SEE ALSO: The Top Three Security Challenges Facing El Salvador’s Nayib Bukele

Factum: You maintain that you are apolitical, even though you have negotiated with political parties and have shown that you can affect the results of the country’s presidential elections. What does the MS13 think of President Nayib Bukele (who took office on June 1)?

MS13: We as MS13 hope that this president will make the changes that every young person has always wanted for years. Decent employment, new job opportunities, reintegration of gangs … Nayib Bukele is a young president who brings a fresh attitude. The young people have placed their trust in him, for the return of the rights that all Salvadorans have and that the previous government had denied us.

Factum: Has the MS13 placed its trust in Nayib Bukele?

MS13: We have faith in God and in him, that he can be the president who deals with problems from the root, and with these absurd extraordinary measures, with death squads and by wanting to arm people to kill gang members. That simply causes the deaths of more Salvadorans.

Factum: What is that faith based on? You say that no previous president has known how to deal with the problem of violence and the gangs. Why do you believe Bukele can do so?

MS13: Nayib is a person who, more than anyone else, has seen the problem from many points of view. He has seen that nothing is achieved with repression and absurd policies.

Factum: Does the MS13 have faith in Nayib Bukele despite his leadership of the Grand Alliance for National Unity (Gran Alianza por la Unidad Nacional – GANA) party, which contains members like Guillermo Gallegos, who openly celebrates the extermination of gang members and is calling for the death penalty to be applied to you?

MS13: We think, and hopefully we are not wrong, that Nayib has a mind of his own. We have never heard him say he is in favor of the death penalty. Guillermo Gallegos will not be left with anything other than what his president ordered him to do. He doesn’t know what he’s talking about. The only thing that interests Gallegos is to keep his pockets full.

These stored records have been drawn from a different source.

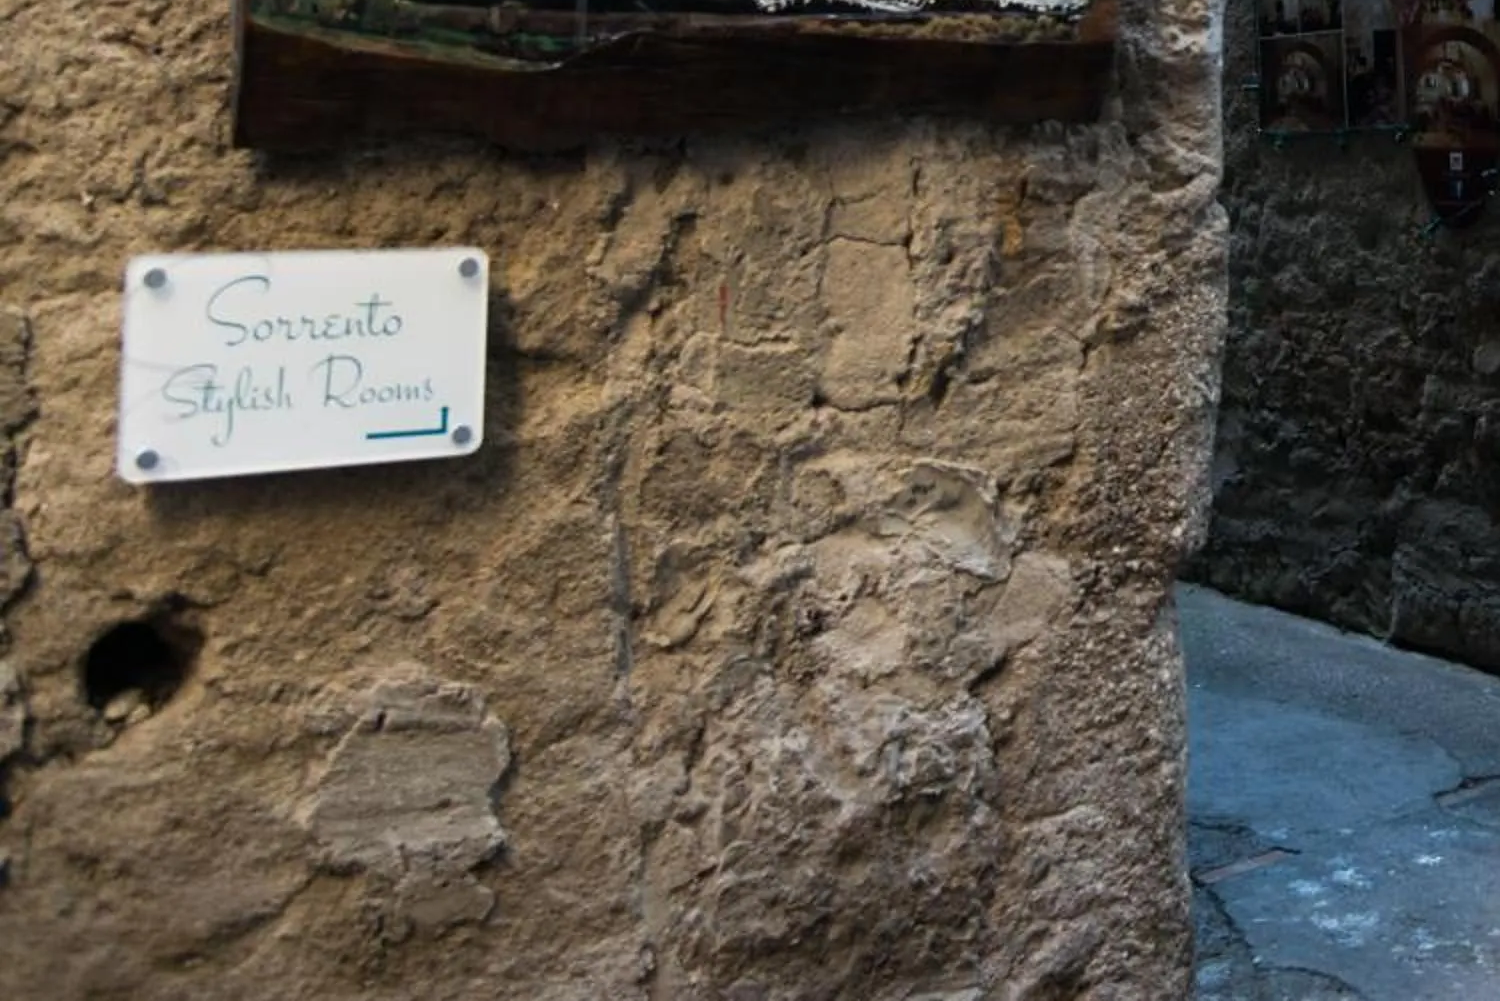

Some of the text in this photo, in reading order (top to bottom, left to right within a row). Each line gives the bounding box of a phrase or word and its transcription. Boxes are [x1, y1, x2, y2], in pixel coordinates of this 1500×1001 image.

[206, 274, 404, 347] Sorrento
[160, 353, 435, 447] Stylish Rooms
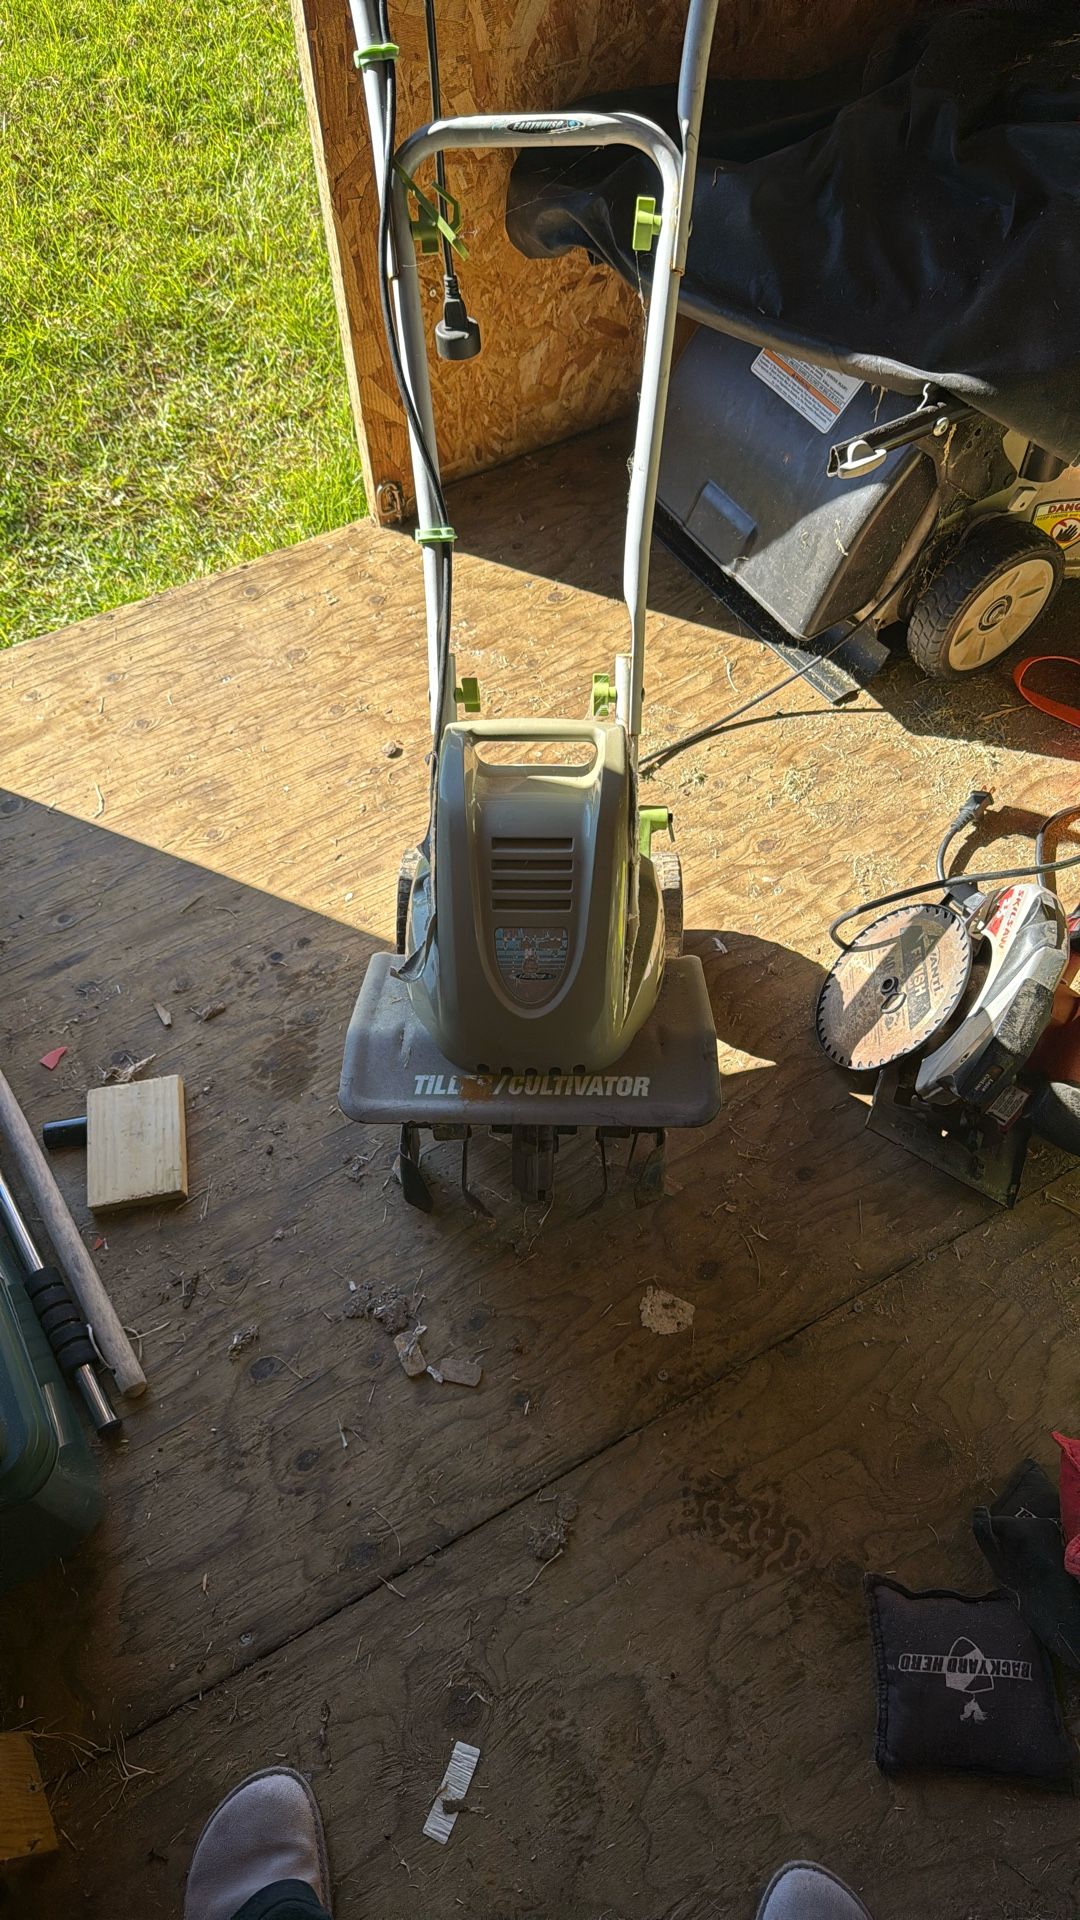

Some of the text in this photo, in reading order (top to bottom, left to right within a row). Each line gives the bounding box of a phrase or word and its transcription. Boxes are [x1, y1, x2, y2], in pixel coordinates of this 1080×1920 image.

[910, 945, 927, 997] FINISH
[414, 1074, 650, 1097] TILL/CULTIVATOR
[900, 1655, 944, 1673] HERO
[946, 1657, 1031, 1679] BACKYARD

Factum: Politicians deny that they have needed to gain your permission to enter your territory. Why do you now deny that Bukele’s municipal government [in San Salvador] needed you to rehabilitate the center of the city?

MS13: We need to make something clear: politics is the dirtiest thing that can exist in a country. And the worst thing is that it is necessary. In the past, you said it yourself and people know it, we did have an agreement with certain political parties to improve the country. But governments know that if there are no deaths, there is no money and that happened with the Farabundo Martí National Liberation Front (Frente Farabundo Martí para la Liberación Nacional – FMLN). There were days when no one was dead and everything was fine, but they did not want a country at peace.

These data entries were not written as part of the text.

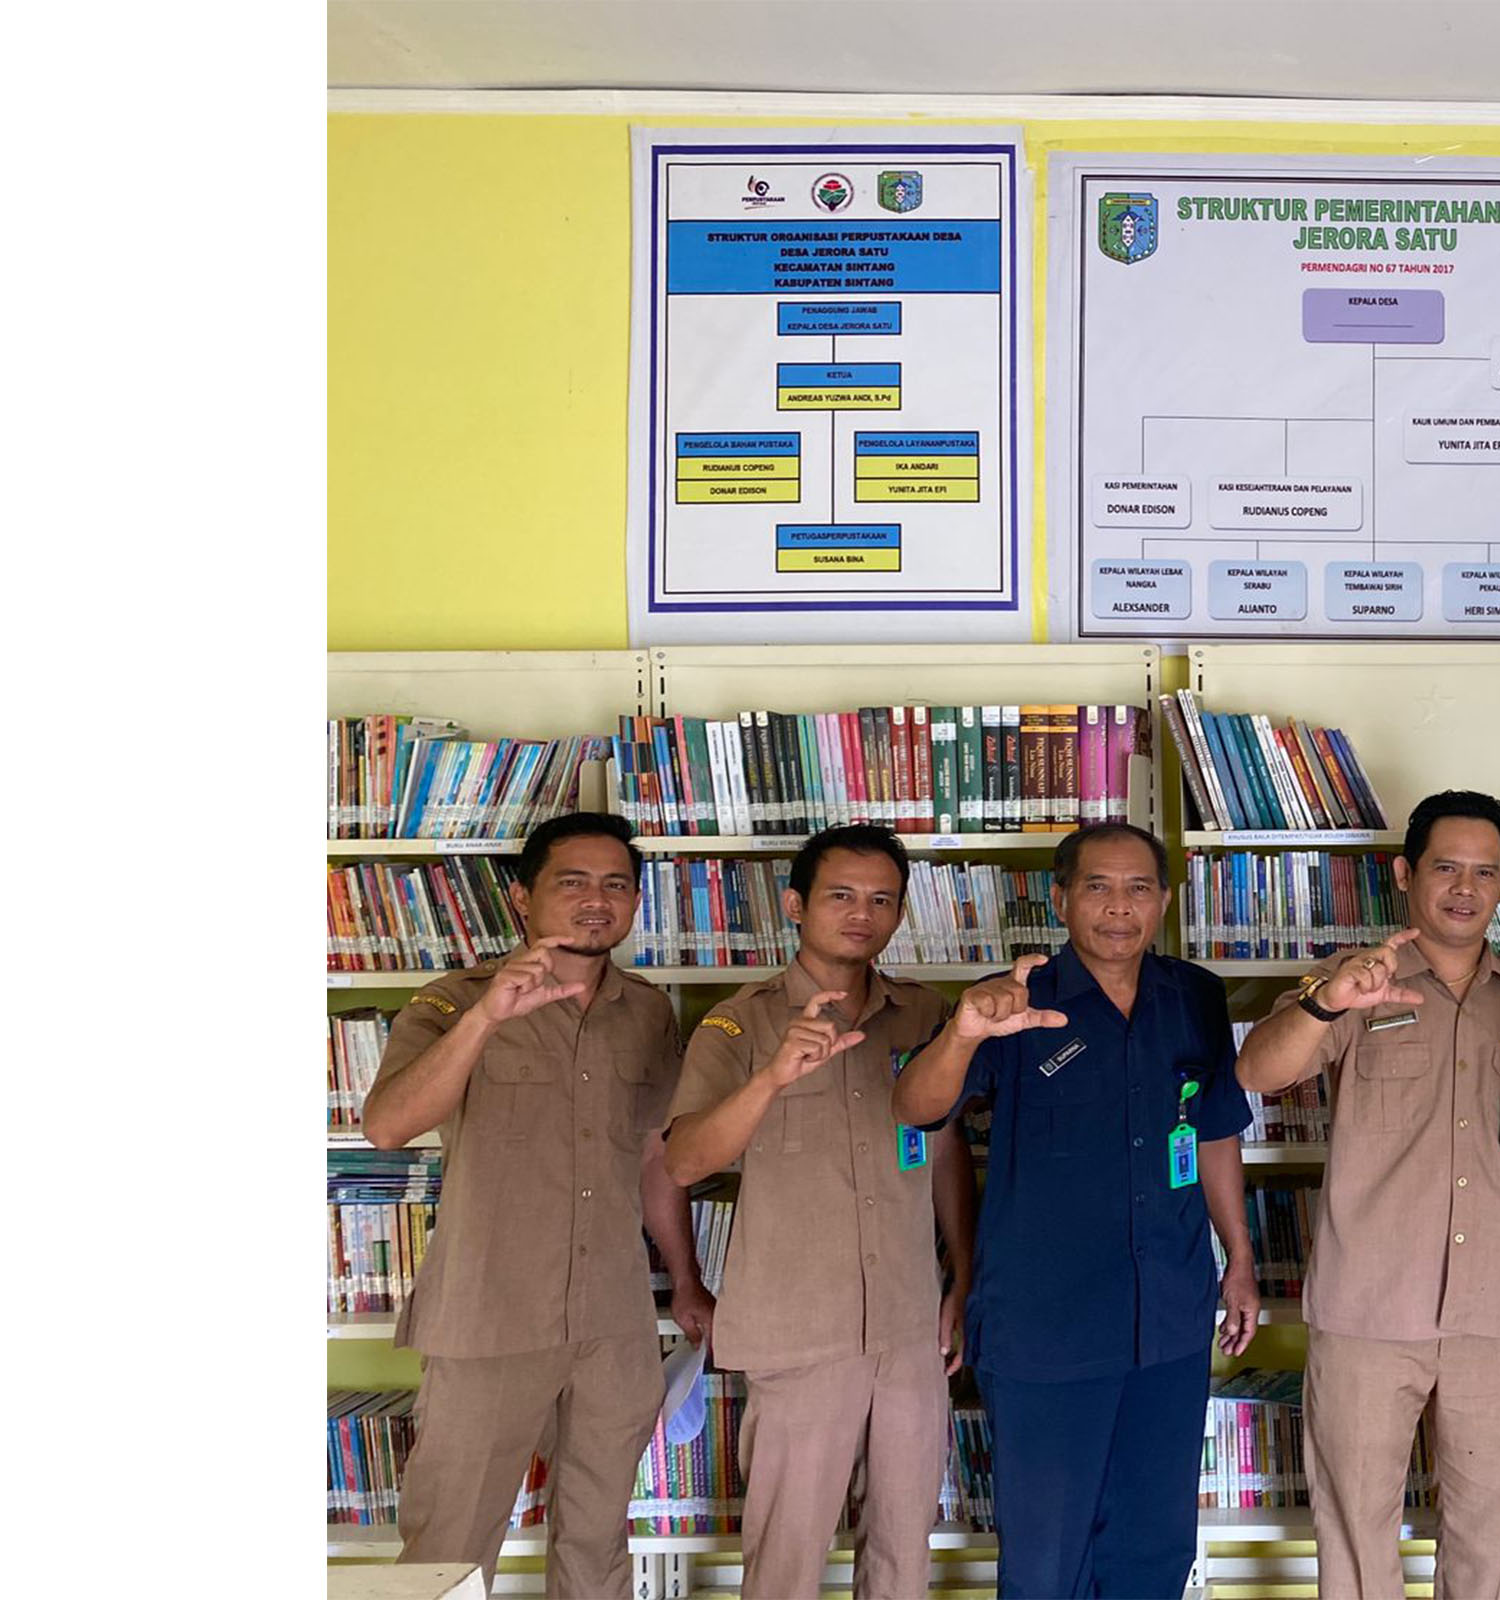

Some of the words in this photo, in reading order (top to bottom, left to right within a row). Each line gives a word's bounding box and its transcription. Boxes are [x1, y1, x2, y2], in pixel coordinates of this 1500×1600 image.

[1177, 197, 1308, 221] STRUKTUR
[707, 233, 768, 242] STRUKTUR
[770, 232, 838, 242] ORGANISASI
[841, 232, 930, 241] PERPUSTAKAAN
[932, 232, 962, 241] DESA
[1293, 226, 1389, 250] JERORA
[1395, 227, 1457, 251] SATU
[780, 247, 809, 257] DESA
[811, 247, 856, 257] JERORA
[858, 247, 889, 256] SATU
[773, 263, 843, 272] KECAMATAN
[845, 262, 895, 271] SINTANG
[1300, 262, 1368, 272] PERMENDAGRI
[1369, 263, 1384, 273] NO
[1385, 263, 1397, 273] 67
[1399, 264, 1431, 273] TAHUN
[1432, 264, 1454, 274] 2017
[774, 278, 842, 287] KABUPATEN
[844, 278, 894, 287] SINTANG
[1348, 297, 1377, 305] KEPALA
[1378, 297, 1398, 306] DESA
[851, 306, 878, 314] JAWAB
[817, 322, 839, 330] DESA
[840, 322, 871, 330] JERORA
[872, 322, 893, 330] SATU
[826, 371, 853, 379] KETUA
[787, 394, 823, 402] ANDREAS
[824, 394, 851, 402] YUZWA
[1412, 418, 1431, 426] KAUR
[1432, 418, 1458, 426] UMUM
[1458, 418, 1474, 426] DAN
[683, 441, 729, 449] PENGELOLA
[758, 440, 794, 448] PUSTAKA
[1438, 440, 1471, 450] YUNITA
[1473, 440, 1491, 450] JITA
[702, 464, 741, 472] RUDIANUS
[934, 485, 947, 493] EFI
[1121, 482, 1178, 490] PEMERINTAHAN
[1218, 483, 1234, 491] KASI
[1235, 483, 1292, 492] KESEJAHTERAAN
[1293, 484, 1309, 492] DAN
[1310, 485, 1352, 493] PELAYANAN
[709, 487, 737, 495] DONAR
[1107, 504, 1140, 514] DONAR
[1141, 504, 1175, 514] EDISON
[1242, 506, 1290, 516] RUDIANUS
[1291, 507, 1328, 517] COPENG
[813, 555, 845, 563] SUSANA
[846, 555, 864, 563] BINA
[1099, 567, 1126, 575] KEPALA
[1127, 567, 1160, 575] WILAYAH
[1161, 568, 1183, 576] LEBAK
[1227, 568, 1254, 577] KEPALA
[1254, 569, 1288, 577] WILAYAH
[1344, 570, 1370, 578] KEPALA
[1371, 570, 1404, 578] WILAYAH
[1461, 571, 1487, 579] KEPALA
[1125, 580, 1157, 588] NANGKA
[1243, 582, 1272, 590] SERABU
[1384, 583, 1403, 591] SIRIH
[1112, 602, 1170, 612] ALEXSANDER
[1238, 604, 1277, 614] ALIANTO
[1352, 605, 1395, 615] SUPARNO
[1464, 606, 1485, 615] HERI

Factum: Is MS13 ready to seek a solution to the problem of violence with the government of Nayib Bukele?

MS13: We, as MS13, would agree to seek peace, whoever the president may be, as long as the human rights of Salvadorans are respected and the president offered sources of employment, reintegration, and many other things, clearly and transparently. We would do our part to be able to live in peace.

Factum: You have mentioned the death squads and human rights violations in the prisons, but let’s not forget that the MS13 kills, rapes, extorts every day, and has done so for years. Your gang has caused forced displacements. Over the last year, caravans have left with hundreds of people, including children and the elderly, fleeing from you and the threat you pose. What do the MS13 offer?

MS13: We have much to offer our Salvadoran people and we have proven this by working hard so that there is peace in our communities. Even if we have to talk to the enemy, everything is done for the welfare of our people. We know that we have done damage to our country and we have asked for forgiveness for that. But we cannot do things well while there is repression from the authorities, from the government.

SEE ALSO: In-Depth Coverage of Mara Salvatrucha (MS13)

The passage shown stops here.